2019年3月15日、ニュージーランドのクライストチャーチのモスクで無差別銃撃事件が発生し、50人が死亡した(19年3月22日現在)。この事件の一報を耳にした時、真っ先に頭に浮かべたのが2011年のノルウェーで発生し、70人以上が殺害された無差別銃撃事件だった。
こうした事件について「テロ」と表現していいかわからない。テロなら何らかの政治的意図を持った暴力だが、こうした事件の背景にあるのは、政治的意図というよりは単なる人間性を欠如した憎悪の暴力「ヘイトクライム」に過ぎないからだ。いってみれば「ひとりよがりの戦争」だ。
さて、この作品の舞台となっているウトヤ島は、ノルウェーの首都オスロの北西にある湖に浮かぶ小さな島だ。
ウィキペディアによると、この島はノルウェー労働党の青年組織 (AUF) が所有し、キャンプ地として利用されてきたらしい。
2011年7月22日、オスロの政府庁舎を爆破した過激な右派思想の持ち主だった32歳のアンネシュ・ベーリング・ブレイビクが警察官の制服を着て島に上陸し、爆破テロ捜査を口実にキャンプ参加者を整列させてから銃を乱射したという。
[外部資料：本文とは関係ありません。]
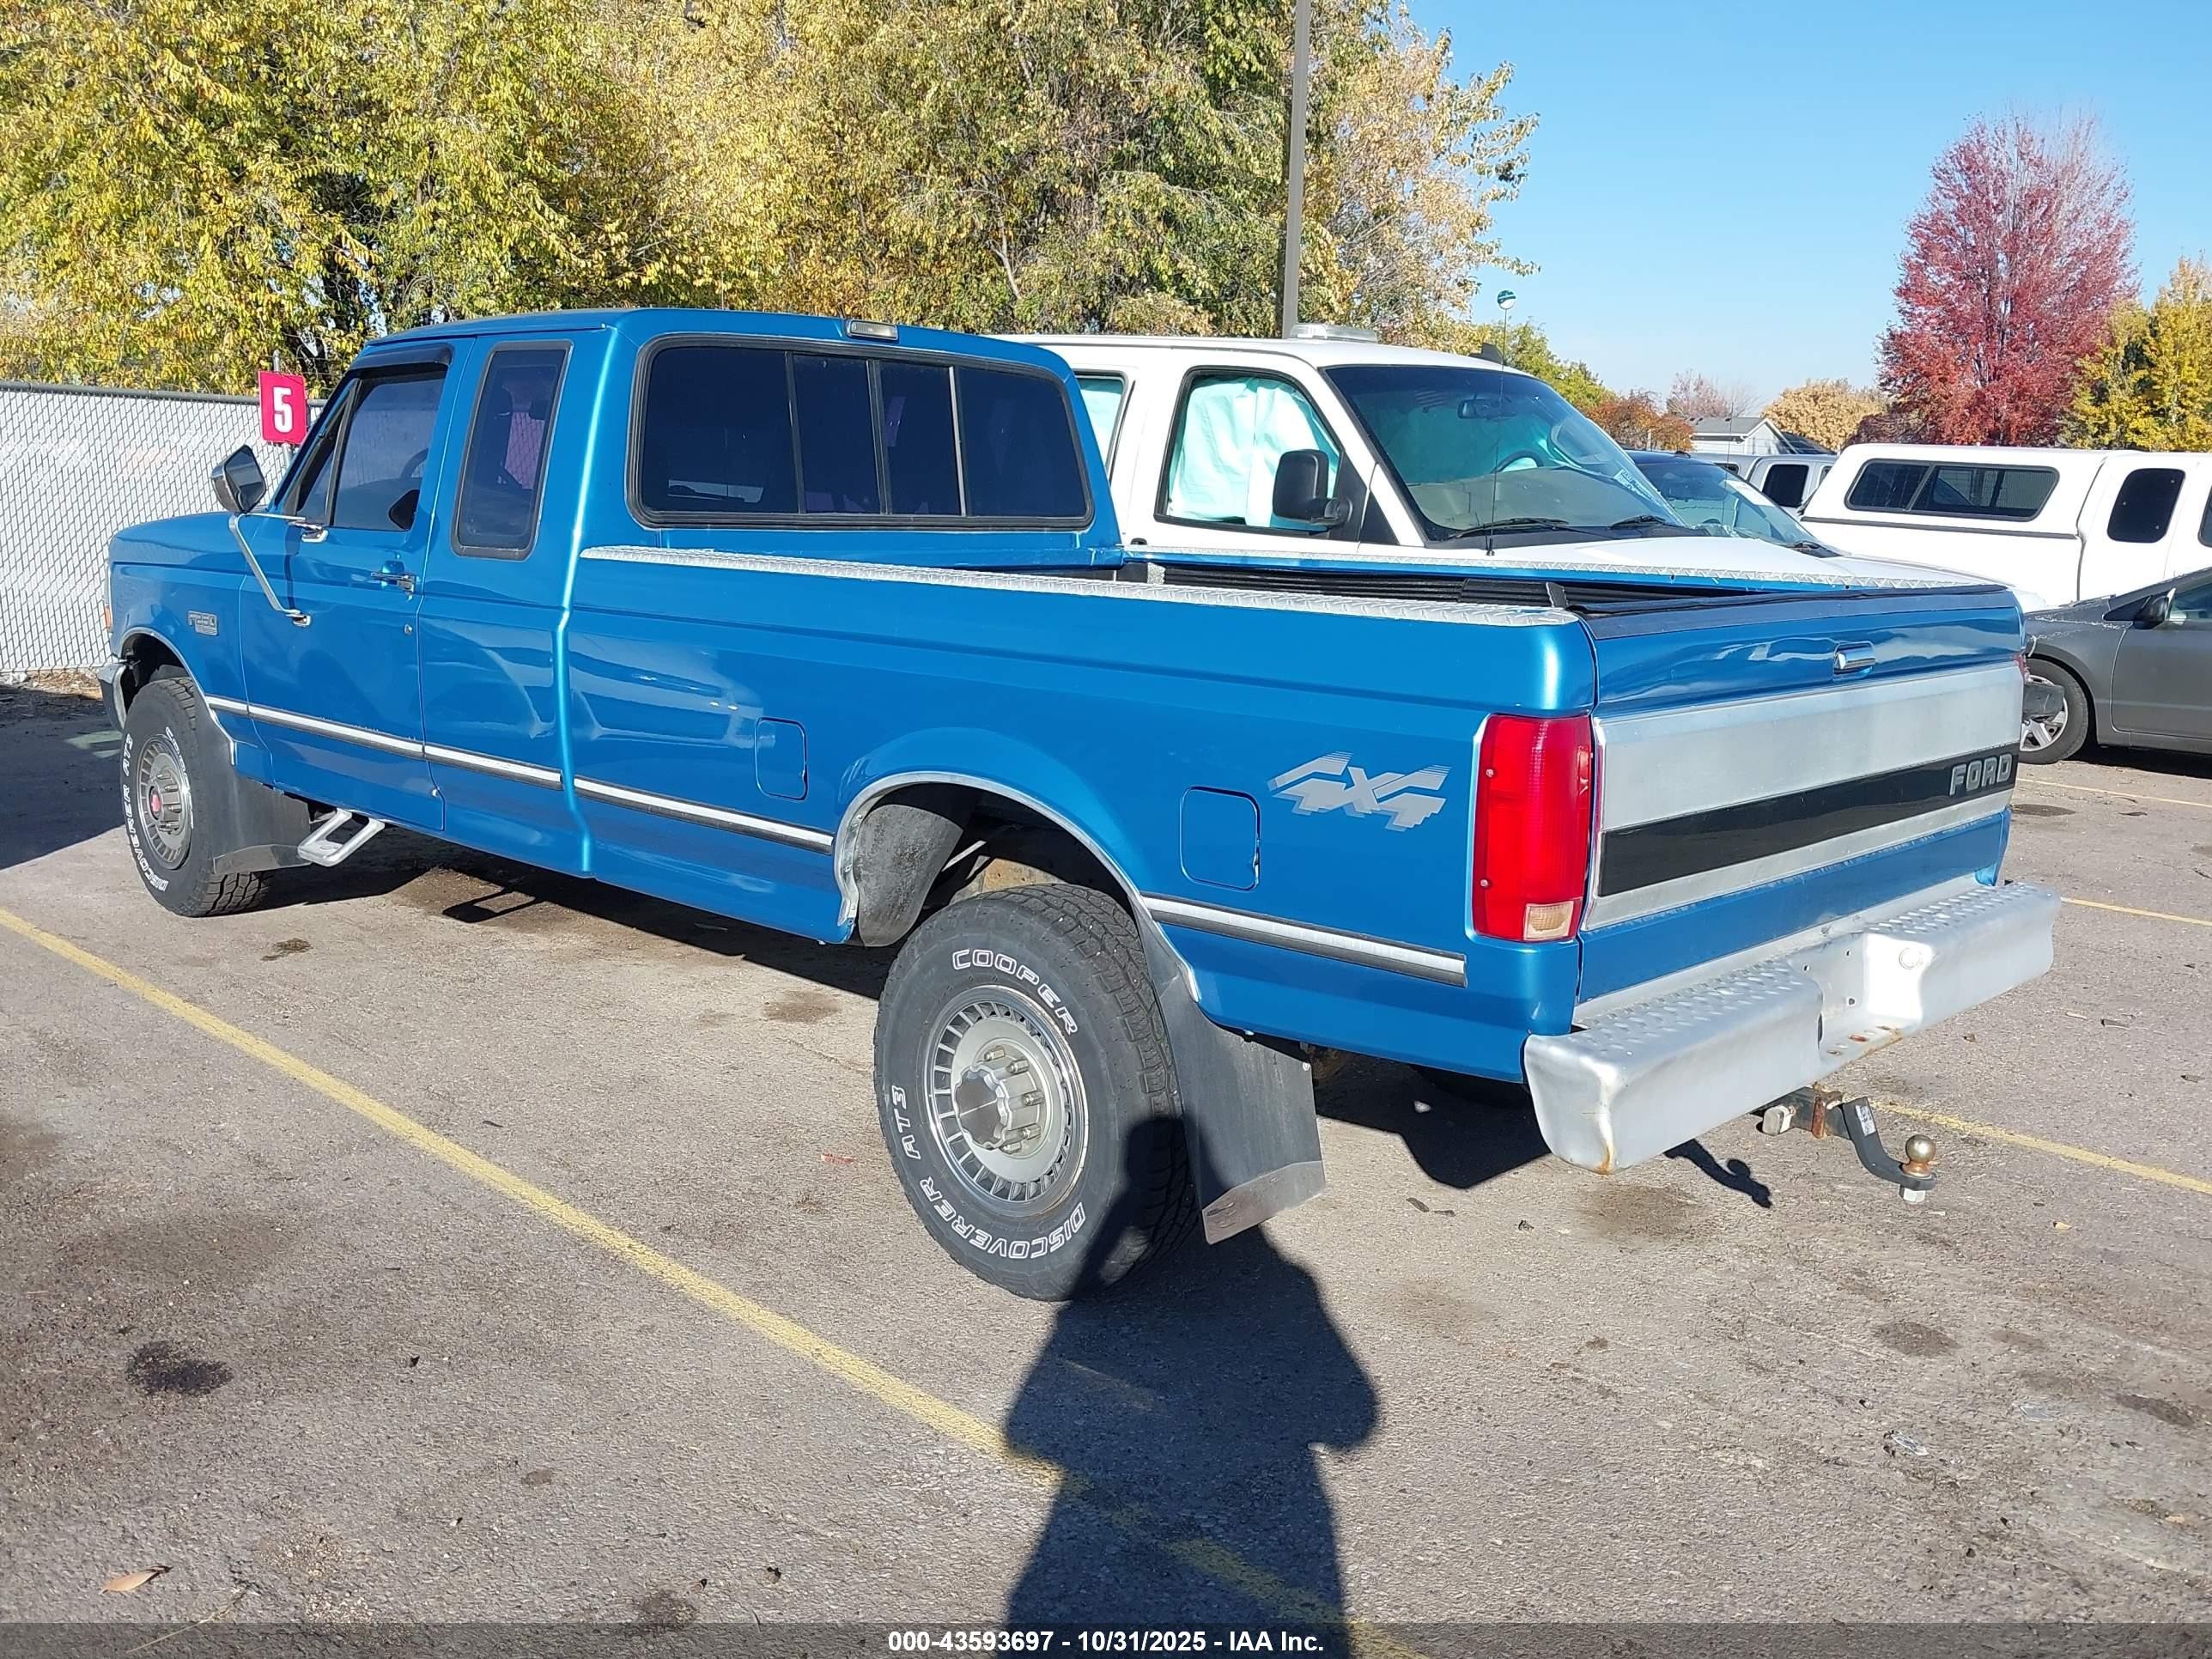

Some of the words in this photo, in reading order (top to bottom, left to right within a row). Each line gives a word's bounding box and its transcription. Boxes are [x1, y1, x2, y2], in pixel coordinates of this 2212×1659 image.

犠牲者は青少年たちだった。

映画では犯人の姿は後半、崖の上から発砲する姿がちらりと映されるだけで、あとは主人公の少女カヤ(アンドレア・バーンツェン)が銃声と悲鳴が響く森や岸辺を逃げ惑う姿をリアルタイムで追うだけだ。
全編ワンカットで構成したのは冒険だが、カメラはカヤの視点となり、観る者は一緒に逃げ惑っているような感覚に襲われる。
いったい何が起きているのかわからない。誰が何の目的でそんなことをするのか。その恐怖は想像を絶する。
途中で背中を撃たれ、倒れている少女にカヤは出くわす。
彼女は「そばにいて」とカヤに懇願するのだが、抱き起すと背中に花が開いたような悲惨な大きな銃痕が露わになる。少女は絶命するのだが、その時、カヤの腕に一匹の蚊がとまり、カメラはその蚊をアップしていく。
生きている。そんなことを実感させるワンカットだ。

ただこの作品は生存者の証言に基づいているとはいえ、フィクションである。生存者は心的外傷に今も苦しんでいるという。そんな惨劇を敢えて映画化する必要があるのか、という問いが生まれる。
これに対してエリック・ポッペは会見で「時期尚早なのでは?」と尋ねられた時、同席していた事件の生存者が自ら「時期尚早どころか、遅すぎるのではないかと思っている」と答えたエピソードを挙げ、さらに「ネットで横行してきたヘイトスピーチを見過ごしてきた結果、それらは政治の世界にも浸透している。ウトヤ島の事件も、そのようなヘイトスピーチに扇動された、たった1人の男によって引き起こされた。憎悪に満ちた言葉はやがてこういった大惨事を招くのだということを、この映画で描きたかった」と語っている。「ウトヤ島で起こった事件だけを描いたつもりはなく、これは世界中で横行している過激思想への警鐘」なのだと(「映画ナタリー」https://natalie.mu/eiga/news/318181より)。
確かにヘイトクライムは世界で拡大と凶悪化の一途を辿っている。
ヘイトスピーチを放置することによって、自らを英雄視する凶悪犯罪が発生し得るということ。それを知らしめるという点にこそ、惨事を敢えて映像化した意味があるといえるかも知れない。
奴らは多文化共生や他民族の存在が許されないらしい。思考するだけなら勝手にどうぞ、だが、排除行動は絶対に許さないという市民の側の覚悟も必要だ。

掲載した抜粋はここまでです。